All of the records should be given back exactly and in full.

Records for this exercise START

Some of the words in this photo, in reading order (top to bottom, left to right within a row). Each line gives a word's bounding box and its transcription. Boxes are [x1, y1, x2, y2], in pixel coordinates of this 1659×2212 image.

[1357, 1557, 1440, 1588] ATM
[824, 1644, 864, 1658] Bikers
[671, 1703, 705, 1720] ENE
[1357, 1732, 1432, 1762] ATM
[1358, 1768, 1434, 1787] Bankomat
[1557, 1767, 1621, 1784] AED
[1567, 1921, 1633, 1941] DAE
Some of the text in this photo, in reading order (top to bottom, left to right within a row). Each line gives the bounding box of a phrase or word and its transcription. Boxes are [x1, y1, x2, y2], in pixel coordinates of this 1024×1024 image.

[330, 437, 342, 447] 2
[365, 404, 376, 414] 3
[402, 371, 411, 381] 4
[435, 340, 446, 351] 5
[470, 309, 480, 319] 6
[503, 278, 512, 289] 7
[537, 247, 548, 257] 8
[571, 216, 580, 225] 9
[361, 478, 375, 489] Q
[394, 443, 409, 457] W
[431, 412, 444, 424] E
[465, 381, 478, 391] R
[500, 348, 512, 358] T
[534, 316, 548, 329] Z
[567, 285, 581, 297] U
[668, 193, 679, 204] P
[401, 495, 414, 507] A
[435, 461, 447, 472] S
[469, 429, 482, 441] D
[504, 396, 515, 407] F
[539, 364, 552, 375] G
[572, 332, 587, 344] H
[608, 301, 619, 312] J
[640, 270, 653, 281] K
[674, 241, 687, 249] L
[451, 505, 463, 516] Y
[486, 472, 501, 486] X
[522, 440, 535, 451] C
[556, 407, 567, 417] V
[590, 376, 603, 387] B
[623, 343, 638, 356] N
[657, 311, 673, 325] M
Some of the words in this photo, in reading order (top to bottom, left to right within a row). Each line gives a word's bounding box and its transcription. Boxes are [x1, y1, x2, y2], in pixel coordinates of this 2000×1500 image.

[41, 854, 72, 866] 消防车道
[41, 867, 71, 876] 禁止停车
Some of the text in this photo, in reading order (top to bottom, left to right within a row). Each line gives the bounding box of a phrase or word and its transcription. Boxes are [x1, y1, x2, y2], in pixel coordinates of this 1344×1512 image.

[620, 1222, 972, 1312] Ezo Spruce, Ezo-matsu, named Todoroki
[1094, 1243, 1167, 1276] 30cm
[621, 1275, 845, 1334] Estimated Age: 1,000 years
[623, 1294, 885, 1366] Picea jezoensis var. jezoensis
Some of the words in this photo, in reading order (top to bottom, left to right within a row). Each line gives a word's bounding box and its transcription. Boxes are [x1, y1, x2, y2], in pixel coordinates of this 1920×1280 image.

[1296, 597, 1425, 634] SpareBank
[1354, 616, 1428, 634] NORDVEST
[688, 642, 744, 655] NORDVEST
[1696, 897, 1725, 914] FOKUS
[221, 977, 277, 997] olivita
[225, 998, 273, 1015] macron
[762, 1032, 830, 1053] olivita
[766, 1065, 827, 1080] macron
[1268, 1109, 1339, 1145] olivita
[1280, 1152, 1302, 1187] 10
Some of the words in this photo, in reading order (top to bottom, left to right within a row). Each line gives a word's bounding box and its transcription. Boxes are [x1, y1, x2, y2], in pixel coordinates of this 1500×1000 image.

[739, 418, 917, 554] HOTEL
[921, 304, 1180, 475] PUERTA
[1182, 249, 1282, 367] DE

Records for this exercise END

> Exercise solution:
Some of the words in this photo, in reading order (top to bottom, left to right within a row). Each line gives a word's bounding box and its transcription. Boxes are [x1, y1, x2, y2], in pixel coordinates of this 1659×2212 image.

[1357, 1557, 1440, 1588] ATM
[824, 1644, 864, 1658] Bikers
[671, 1703, 705, 1720] ENE
[1357, 1732, 1432, 1762] ATM
[1358, 1768, 1434, 1787] Bankomat
[1557, 1767, 1621, 1784] AED
[1567, 1921, 1633, 1941] DAE
Some of the text in this photo, in reading order (top to bottom, left to right within a row). Each line gives the bounding box of a phrase or word and its transcription. Boxes are [x1, y1, x2, y2], in pixel coordinates of this 1024×1024 image.

[330, 437, 342, 447] 2
[365, 404, 376, 414] 3
[402, 371, 411, 381] 4
[435, 340, 446, 351] 5
[470, 309, 480, 319] 6
[503, 278, 512, 289] 7
[537, 247, 548, 257] 8
[571, 216, 580, 225] 9
[361, 478, 375, 489] Q
[394, 443, 409, 457] W
[431, 412, 444, 424] E
[465, 381, 478, 391] R
[500, 348, 512, 358] T
[534, 316, 548, 329] Z
[567, 285, 581, 297] U
[668, 193, 679, 204] P
[401, 495, 414, 507] A
[435, 461, 447, 472] S
[469, 429, 482, 441] D
[504, 396, 515, 407] F
[539, 364, 552, 375] G
[572, 332, 587, 344] H
[608, 301, 619, 312] J
[640, 270, 653, 281] K
[674, 241, 687, 249] L
[451, 505, 463, 516] Y
[486, 472, 501, 486] X
[522, 440, 535, 451] C
[556, 407, 567, 417] V
[590, 376, 603, 387] B
[623, 343, 638, 356] N
[657, 311, 673, 325] M
Some of the words in this photo, in reading order (top to bottom, left to right within a row). Each line gives a word's bounding box and its transcription. Boxes are [x1, y1, x2, y2], in pixel coordinates of this 2000×1500 image.

[41, 854, 72, 866] 消防车道
[41, 867, 71, 876] 禁止停车
Some of the text in this photo, in reading order (top to bottom, left to right within a row). Each line gives the bounding box of a phrase or word and its transcription. Boxes are [x1, y1, x2, y2], in pixel coordinates of this 1344×1512 image.

[620, 1222, 972, 1312] Ezo Spruce, Ezo-matsu, named Todoroki
[1094, 1243, 1167, 1276] 30cm
[621, 1275, 845, 1334] Estimated Age: 1,000 years
[623, 1294, 885, 1366] Picea jezoensis var. jezoensis
Some of the words in this photo, in reading order (top to bottom, left to right within a row). Each line gives a word's bounding box and its transcription. Boxes are [x1, y1, x2, y2], in pixel coordinates of this 1920×1280 image.

[1296, 597, 1425, 634] SpareBank
[1354, 616, 1428, 634] NORDVEST
[688, 642, 744, 655] NORDVEST
[1696, 897, 1725, 914] FOKUS
[221, 977, 277, 997] olivita
[225, 998, 273, 1015] macron
[762, 1032, 830, 1053] olivita
[766, 1065, 827, 1080] macron
[1268, 1109, 1339, 1145] olivita
[1280, 1152, 1302, 1187] 10
Some of the words in this photo, in reading order (top to bottom, left to right within a row). Each line gives a word's bounding box and its transcription. Boxes are [x1, y1, x2, y2], in pixel coordinates of this 1500×1000 image.

[739, 418, 917, 554] HOTEL
[921, 304, 1180, 475] PUERTA
[1182, 249, 1282, 367] DE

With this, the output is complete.